Top of GIVEN RECORDS
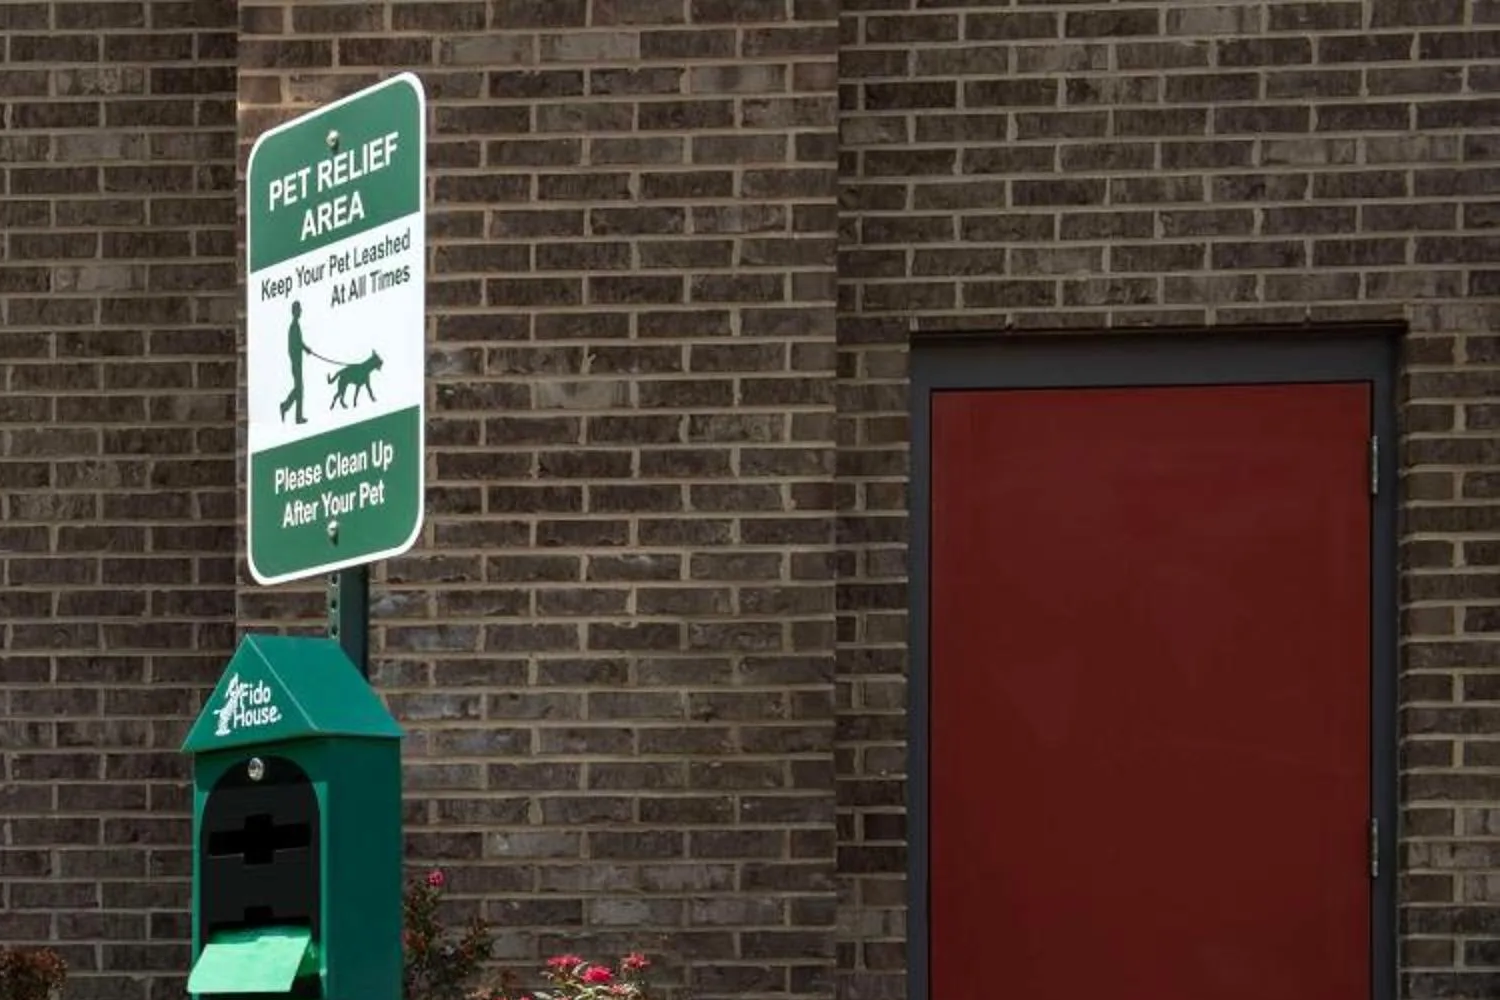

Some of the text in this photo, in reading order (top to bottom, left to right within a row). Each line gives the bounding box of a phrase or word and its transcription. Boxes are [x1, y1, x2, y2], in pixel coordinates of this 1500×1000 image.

[269, 132, 399, 212] PET RELIEF
[301, 191, 365, 241] AREA
[261, 227, 411, 302] Keep Your Pet Leashed
[330, 264, 411, 308] At All Times
[275, 440, 393, 494] Please Clean Up
[282, 480, 385, 529] After Your Pet
[239, 680, 272, 705] Fido
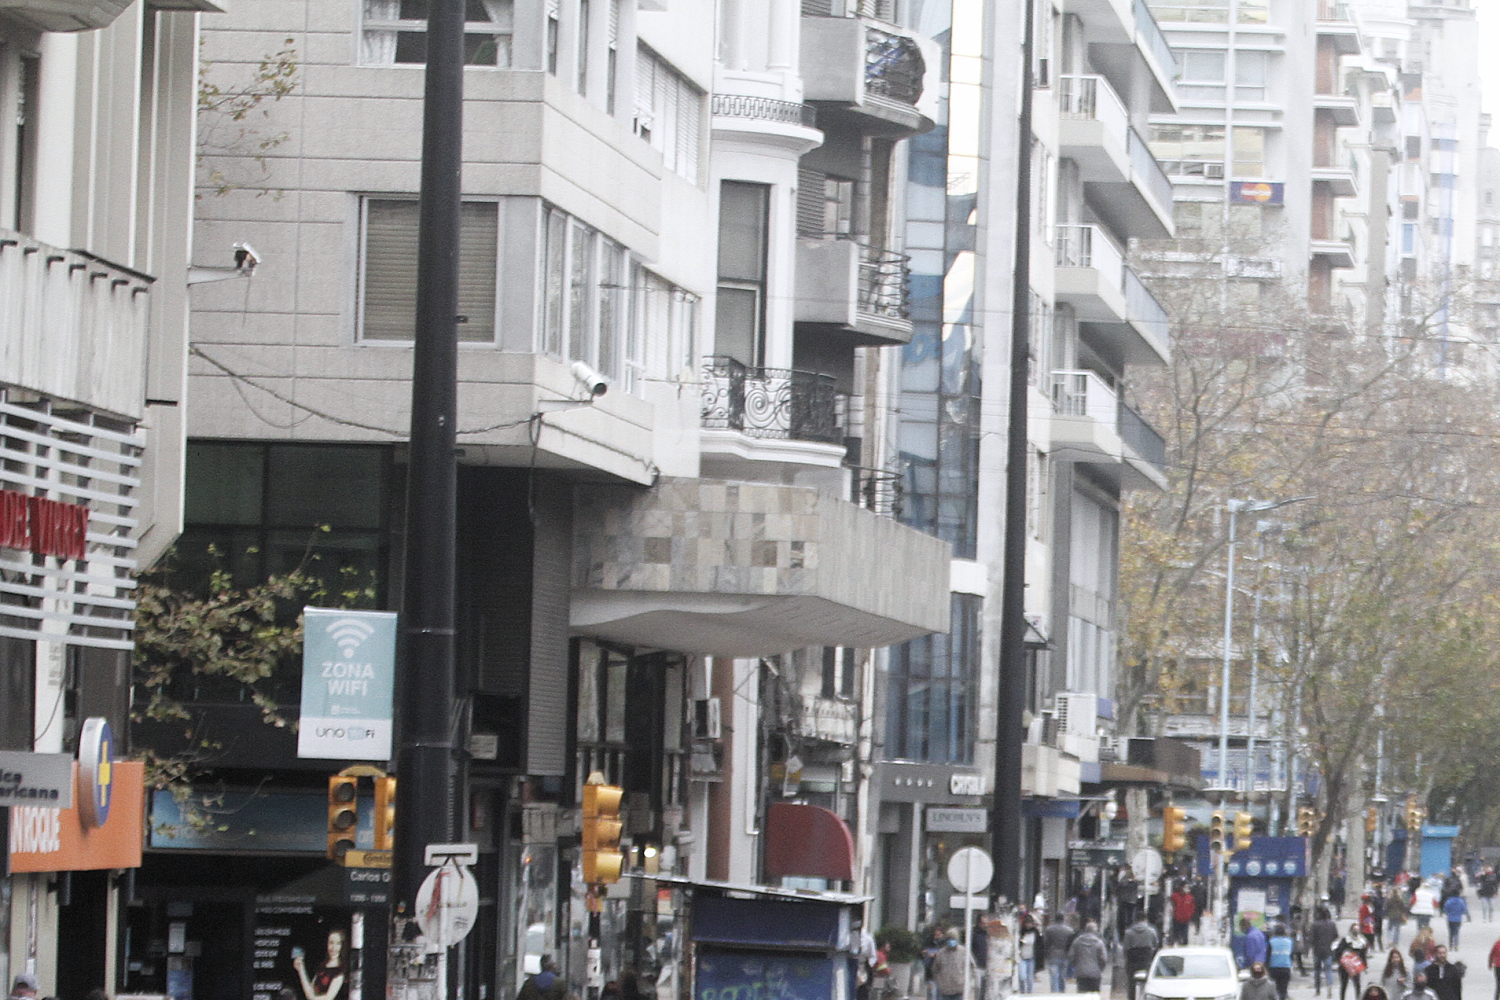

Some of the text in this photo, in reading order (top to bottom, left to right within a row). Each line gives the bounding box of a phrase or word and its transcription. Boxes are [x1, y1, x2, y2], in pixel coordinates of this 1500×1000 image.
Bottom of GIVEN RECORDS
* **REQUIRED ACTION**
The records above must be returned exactly, with each picture omitted.

* **SOLUTION TO THIS PROBLEM**
Some of the text in this photo, in reading order (top to bottom, left to right within a row). Each line gives the bounding box of a phrase or word and its transcription. Boxes are [x1, y1, x2, y2], in pixel coordinates of this 1500×1000 image.

[269, 132, 399, 212] PET RELIEF
[301, 191, 365, 241] AREA
[261, 227, 411, 302] Keep Your Pet Leashed
[330, 264, 411, 308] At All Times
[275, 440, 393, 494] Please Clean Up
[282, 480, 385, 529] After Your Pet
[239, 680, 272, 705] Fido

Some of the text in this photo, in reading order (top to bottom, left to right within a row). Each line gives the bounding box of a phrase or word and its transcription. Boxes are [x1, y1, x2, y2], in pixel coordinates of this 1500×1000 image.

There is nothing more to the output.